Die von China angestoßene Diskussion um den Aufbau einer internationalen Reservewährung neben dem Dollar gewinnt an Fahrt: Sowohl US-Finanzminister Timothy Geithner als auch der Chef des Internationalen Währungsfonds, Dominique Strauss-Kahn, zeigen sich grundsätzlich offen für den Vorschlag.

HB NEW YORK. US-Finanzminister Timothy Geithner hat sich "ziemlich offen" für einen Vorschlag Chinas zur Neuregelung des weltweiten Währungssystems gezeigt.

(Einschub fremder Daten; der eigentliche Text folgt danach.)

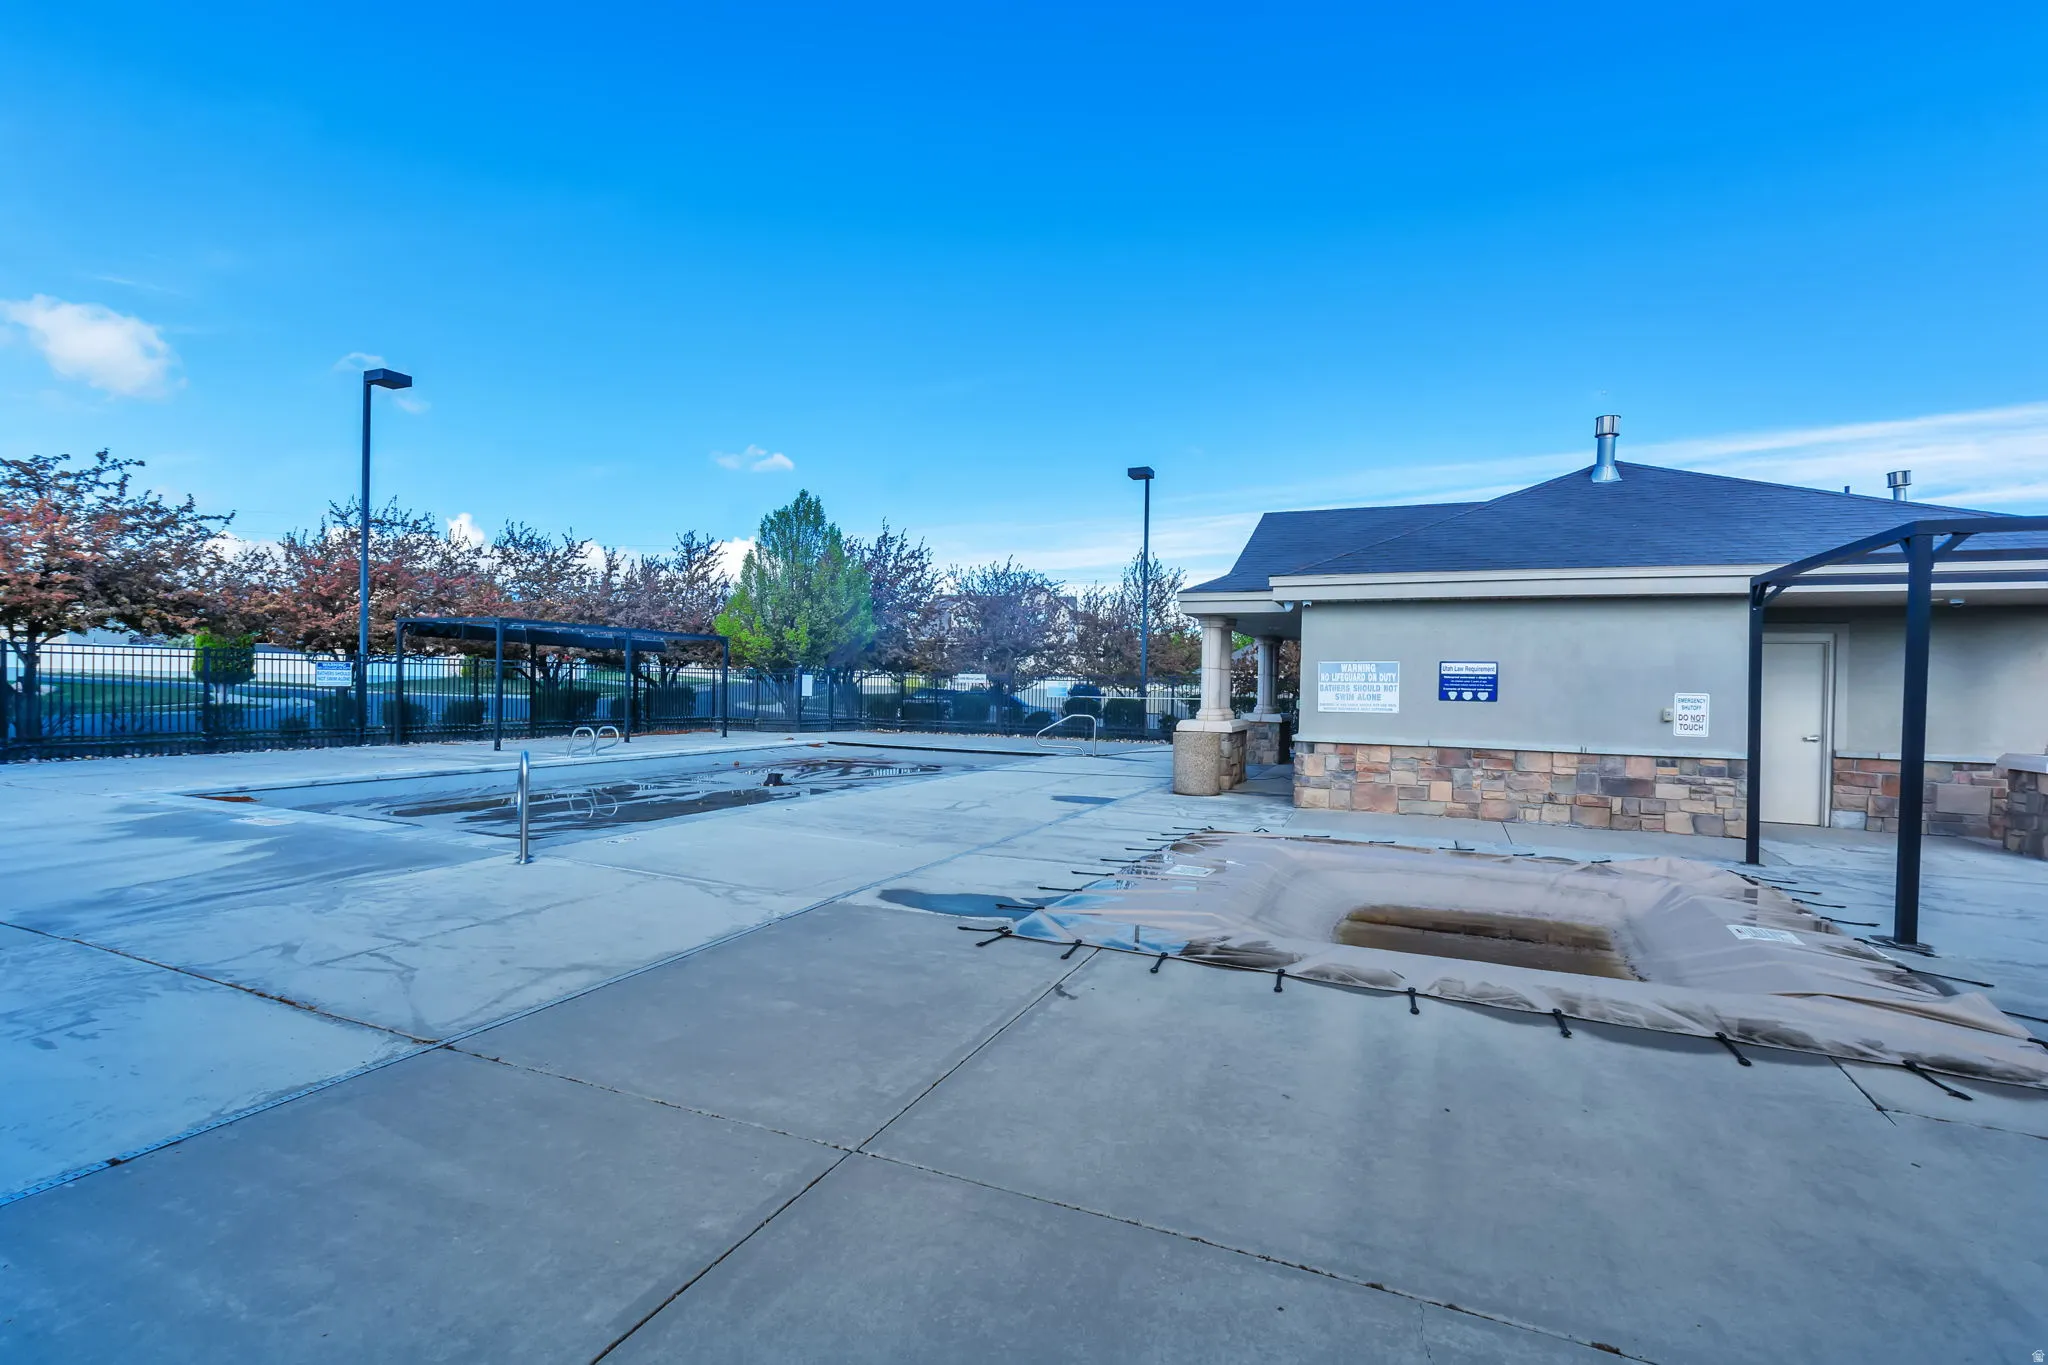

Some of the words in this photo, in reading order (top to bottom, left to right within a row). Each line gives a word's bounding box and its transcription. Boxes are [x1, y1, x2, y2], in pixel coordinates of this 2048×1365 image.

Dennoch dürfte der Dollar weiterhin Leitwährung bleiben, sagte Geithner am Mittwoch. "Und ich denke, das wird auch noch länger so bleiben." Der Chef des Internationalen Währungsfonds, Dominique Strauss-Kahn, nannte die Diskussion über die Rolle von Reservewährungen "legitim". Er betonte jedoch ebenfalls, die Tage des Dollars als Reservewährung seien noch nicht gezählt. Auch die Chinesen teilten diese Ansicht.

Chinas Notenbankchef Zhou Xiaochuan hatte vor wenigen Tagen angeregt, die Sonderziehungsrechte (SZR) des Internationalen Währungsfonds zu einer übernationalen Reservewährung auszubauen. Die SZR wurden 1969 eingeführt, verloren aber nach dem Ende des Bretton-Woods-Systems fester Wechselkurse 1971 an Bedeutung. Ihr Wert bemisst sich an einem Währungskorb.

Unterstützung findet der Vorstoß auch bei Wirtschaftsnobelpreisträger Joseph Stiglitz. In einem Interview mit dem Tagesspiegel am Montag, griff er den schon von John Maynard Keynes in Spiel gebrachte Vorschlag einer weltweiten Reservewährung auf. Das derzeitige System, das auf dem Dollar basiert, habe fundamentale Mängel, so Stiglitz. „[W]enn wir mit zwei oder drei Währungen arbeiten würden – also Dollar, Euro und Yen – wäre das womöglich noch unstabiler. Deswegen brauchen wir eine globale Reservewährung – ein Vorschlag, den übrigens schon Keynes gemacht hat“, sagte Stiglitz.

Die Spekulationen über eine Ablösung des US-Dollar als Weltreservewährung setzten den Greenback zeitweise kräftig unter Druck, so dass der Euro vorübergehend bis auf 1,3649 Dollar kletterte. Der Druck auf die US-Währung ließ jedoch deutlich nach, als Geithner betonte, ein starker US-Dollar sei weiter im Interesse der USA und werde wohl noch lange Reservewährung bleiben.

Der Wirtschaftsberater von US-Präsident Barack Obama und frühere Chef der Notenbank Federal Reserve, Paul Volcker, äußerte sich sehr zurückhaltend zu einer Reform des Währungssystems. Ein Übergang zu den IWF-Sonderziehungsrechten sei wenig praktikabel, sagte Volcker. Er äußerte zwar Verständnis für die Unzufriedenheit vieler Länder, dass das Währungssystem so abhängig vom Dollar sei. Die Chinesen hätten jedoch selber zu dem Problem beigetragen, weil sie einen Großteil ihrer gigantischen Währungsreserven in Dollar angelegt hätten.